Consequently, athletic trainers should be working daily with their athletes in the immediate aftermath of an ACL tear, while they are waiting for surgery. The focus should be on swelling reduction, improved range of motion, and quadriceps control.

A 2013 study in the Journal of Athletic Training found that, “Both pain and effusion led to quadriceps dysfunction, but the interaction of the two stimuli did not increase the magnitude of the strength or activation deficits. Therefore, pain and effusion can be considered equally potent in eliciting quadriceps inhibition. Given that pain and effusion accompany numerous knee conditions, the prevalence of quadriceps dysfunction is likely high.”
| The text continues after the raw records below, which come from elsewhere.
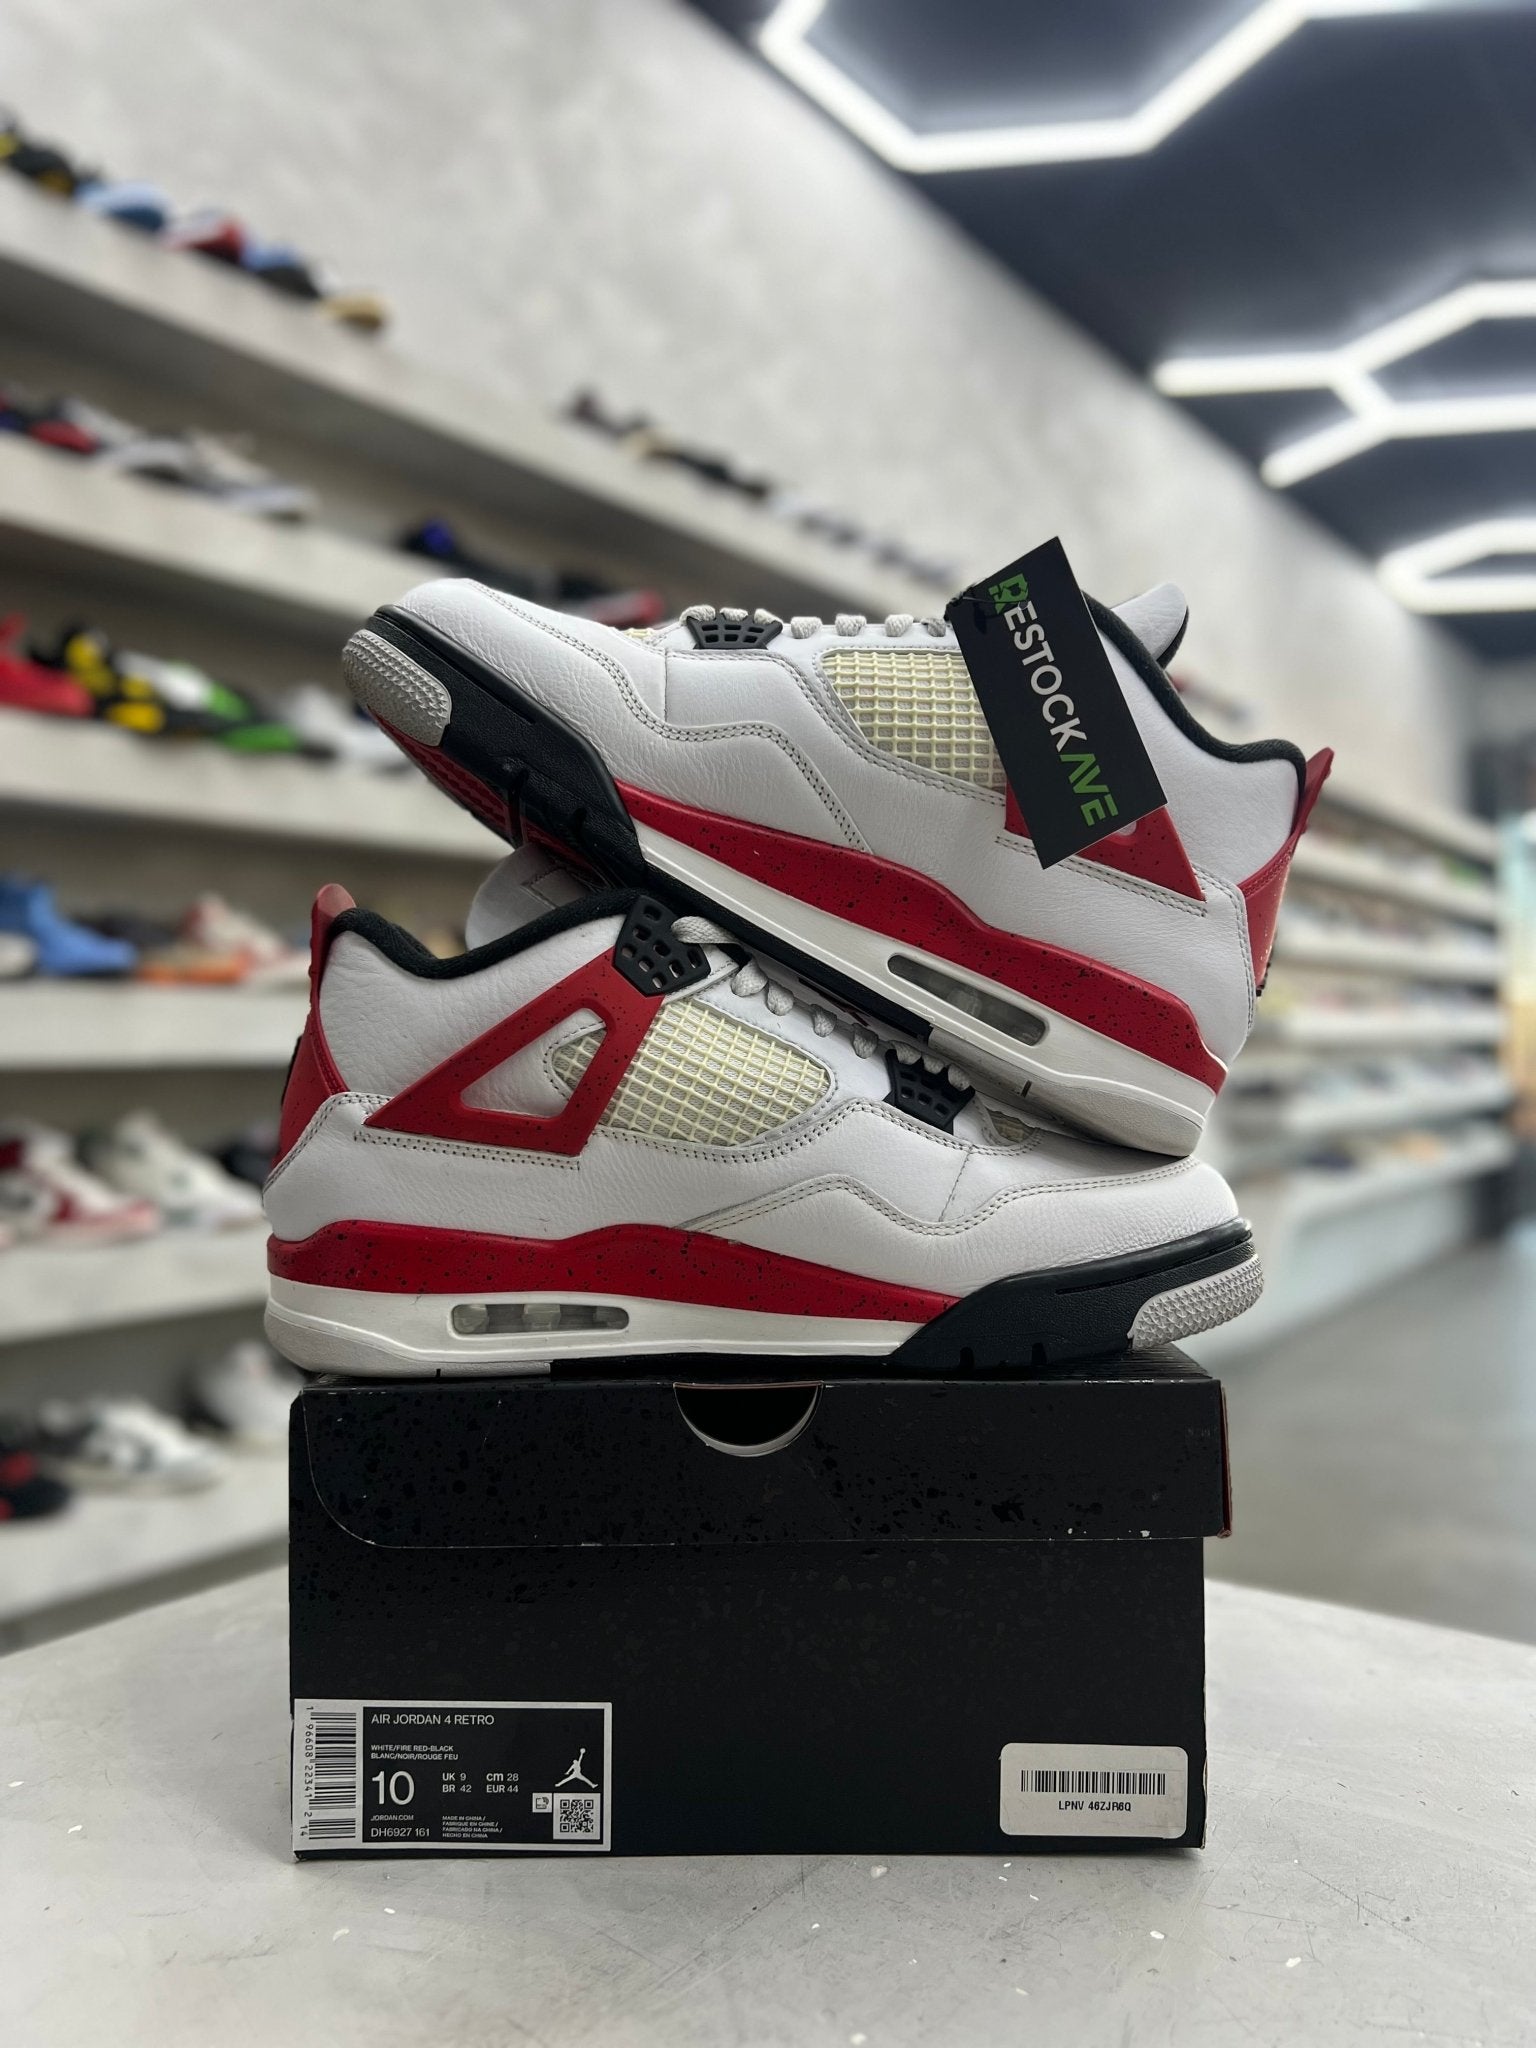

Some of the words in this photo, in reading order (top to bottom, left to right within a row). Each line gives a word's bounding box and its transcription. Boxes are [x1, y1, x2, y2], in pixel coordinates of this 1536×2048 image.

[371, 1714, 390, 1724] AIR
[393, 1714, 441, 1725] JORDAN
[444, 1715, 451, 1725] 4
[454, 1715, 495, 1725] RETRO
[305, 1724, 314, 1757] 96608
[304, 1765, 313, 1798] 22341
[442, 1773, 455, 1781] UK
[460, 1773, 467, 1781] 9
[486, 1773, 504, 1782] cm
[507, 1773, 519, 1782] 28
[371, 1771, 415, 1806] 10
[442, 1784, 456, 1793] BR
[460, 1784, 472, 1793] 42
[486, 1785, 505, 1793] EUR
[507, 1785, 519, 1793] 44
[1058, 1801, 1084, 1811] LPNV
[1088, 1801, 1132, 1812] 46ZJR6Q
[371, 1828, 412, 1837] DH6927
[415, 1828, 430, 1837] 161
Ice, compression, and elevation will work to counteract those initial effects of a torn ACL. If available, the Game Ready device is particularly effective.

So is electrical muscle stimulation when attempting to re-activate the quadriceps muscles.
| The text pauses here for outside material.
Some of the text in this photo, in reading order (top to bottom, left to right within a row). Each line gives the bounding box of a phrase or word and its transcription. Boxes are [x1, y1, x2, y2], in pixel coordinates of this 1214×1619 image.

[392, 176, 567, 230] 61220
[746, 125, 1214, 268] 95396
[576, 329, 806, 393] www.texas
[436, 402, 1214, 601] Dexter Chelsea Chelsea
Mindful of the instability now present in an ACL deficient knee, the AT should limit strengthening exercises to those that will not expose that instability. While some exercises will increase the chance of the knee pivot shifting, so does an accumulation of daily activities.

A study out of Baylor, published in August 2024 in the journal Knee Surgery, Sports Traumatology, Arthroscopy, looked at the length of time from injury to surgery. Those who waited more than 40 days faced an increasing risk of suffering further injury inside the joint that made arthritis later in life much more likely. Delaying surgery more than 12 weeks put patients at the highest chance for pre-operative complications that are brought on by the joint’s instability.
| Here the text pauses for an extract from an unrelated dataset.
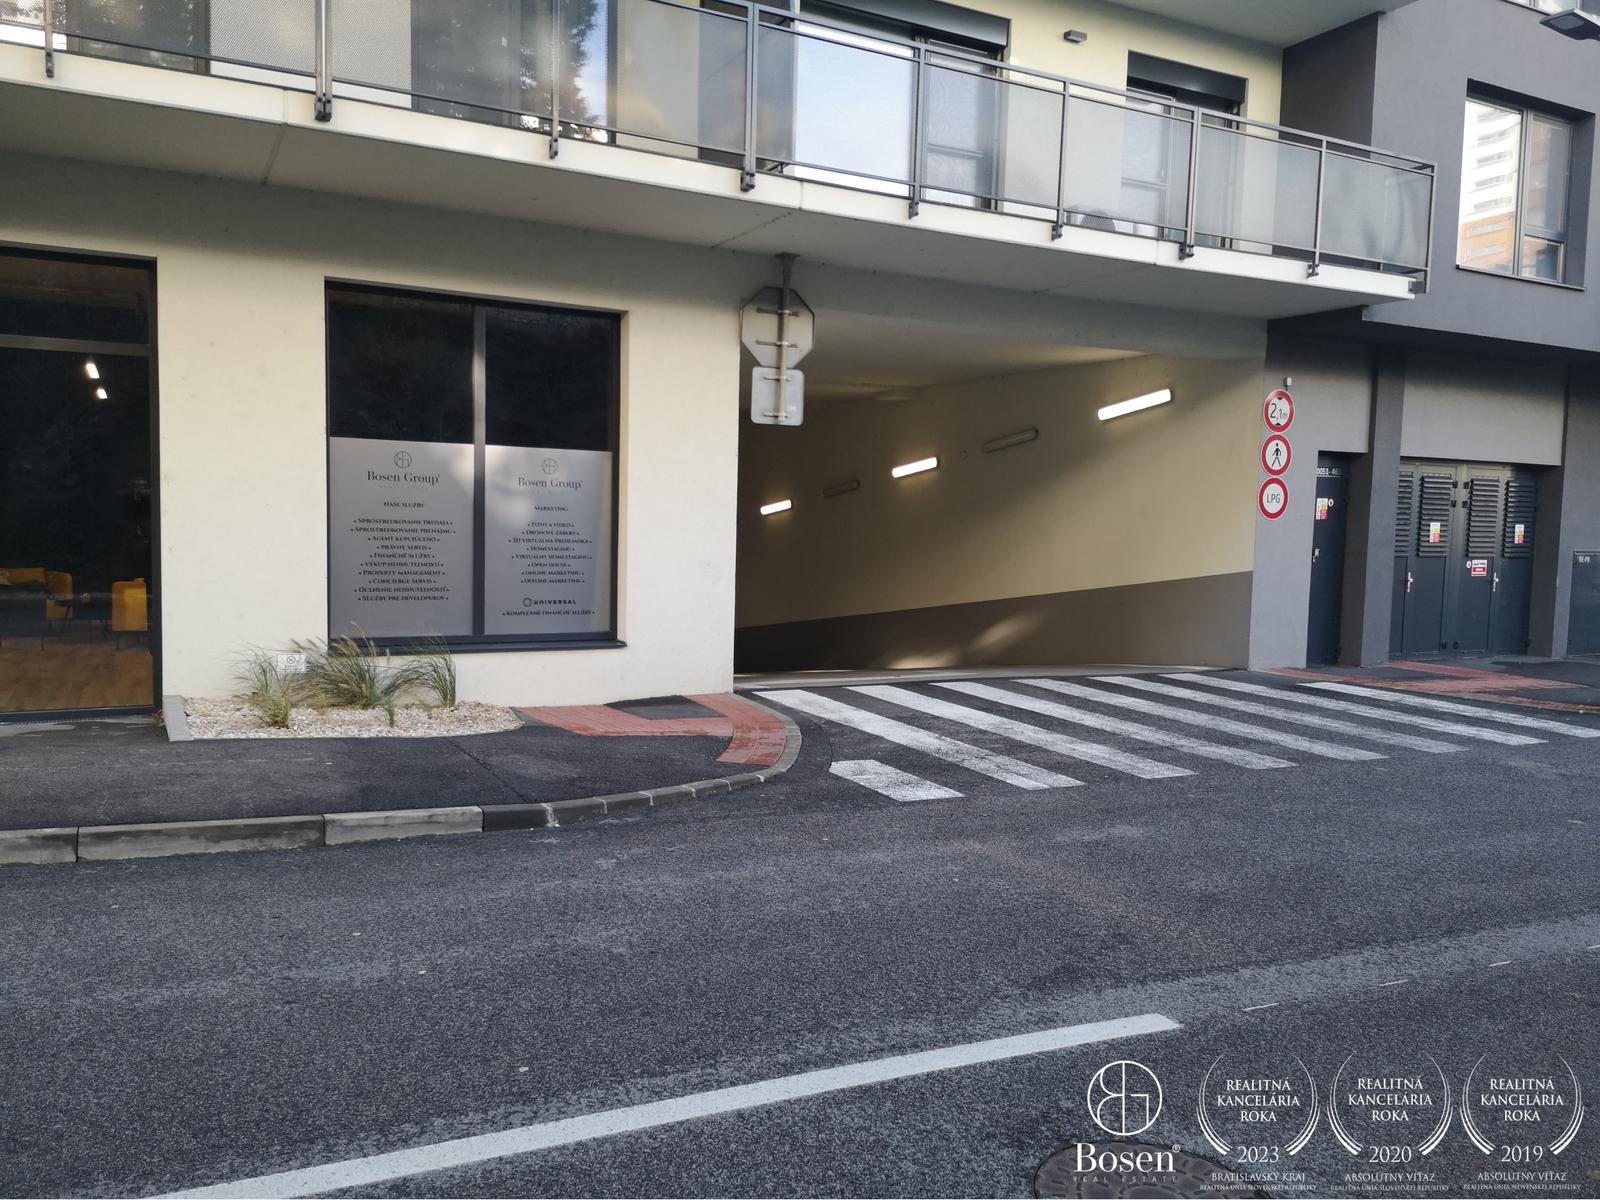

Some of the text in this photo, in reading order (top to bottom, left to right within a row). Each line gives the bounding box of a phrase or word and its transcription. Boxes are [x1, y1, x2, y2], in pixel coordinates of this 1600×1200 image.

[367, 471, 438, 485] Bosen Group
[518, 477, 581, 491] Bosen Group
[1266, 493, 1280, 503] LPG
In short, each time the knee gives way or shifts, there is a real danger of damaging the articular cartilage and/or the medial meniscus.

The pre-operative goal is to “quiet” the knee and to re-establish full range of motion, if possible, while restoring strength as tolerated. Quadriceps sets, straight leg raises, short and long arc quadriceps exercises, heel slides, stationary bike, calf stretches with a strap, and heel props on a bolster are generally safe.

Depending on stability, calf raises, standing hip exercises, and quarter squats may be added.

A successful partnership between athlete and AT, in the pre-operative phase to maximize range of motion and strength, could very well be the difference between success and failure post-operatively. 

A successful partnership between athlete and AT, in the pre-operative phase to maximize range of motion and strength, could very well be the difference between success and failure post-operatively. 

The other issues – timing of surgery, type of graft, post-op recovery duration – are important, too.

Surgery just days after the injury may mean a quicker return to play. However, ACLR so soon, in the face of post-traumatic swelling, often complicates the recovery.

Waiting too long for the surgery is not without its risks, too, as illustrated by the Baylor study. 

Many surgeons still seem to favor the BTB graft. Yet, there are those who prefer grafts from the quadriceps tendon or a hamstring tendon. Allografts have generally fallen out of favor.

Few seem to argue for a return any faster than nine months after the procedure. Still, the more conservative crowd argues any return before a full year risks re-tear, no matter how well the muscles around the knee have regained strength and function has seemingly returned. Their reasoning? The graft itself takes at least that long to mature.

Many of those other issues, though, are to be determined between patient and surgeon and all of them are secondary to the need for AT and injured athlete to focus on pre-habilitation first.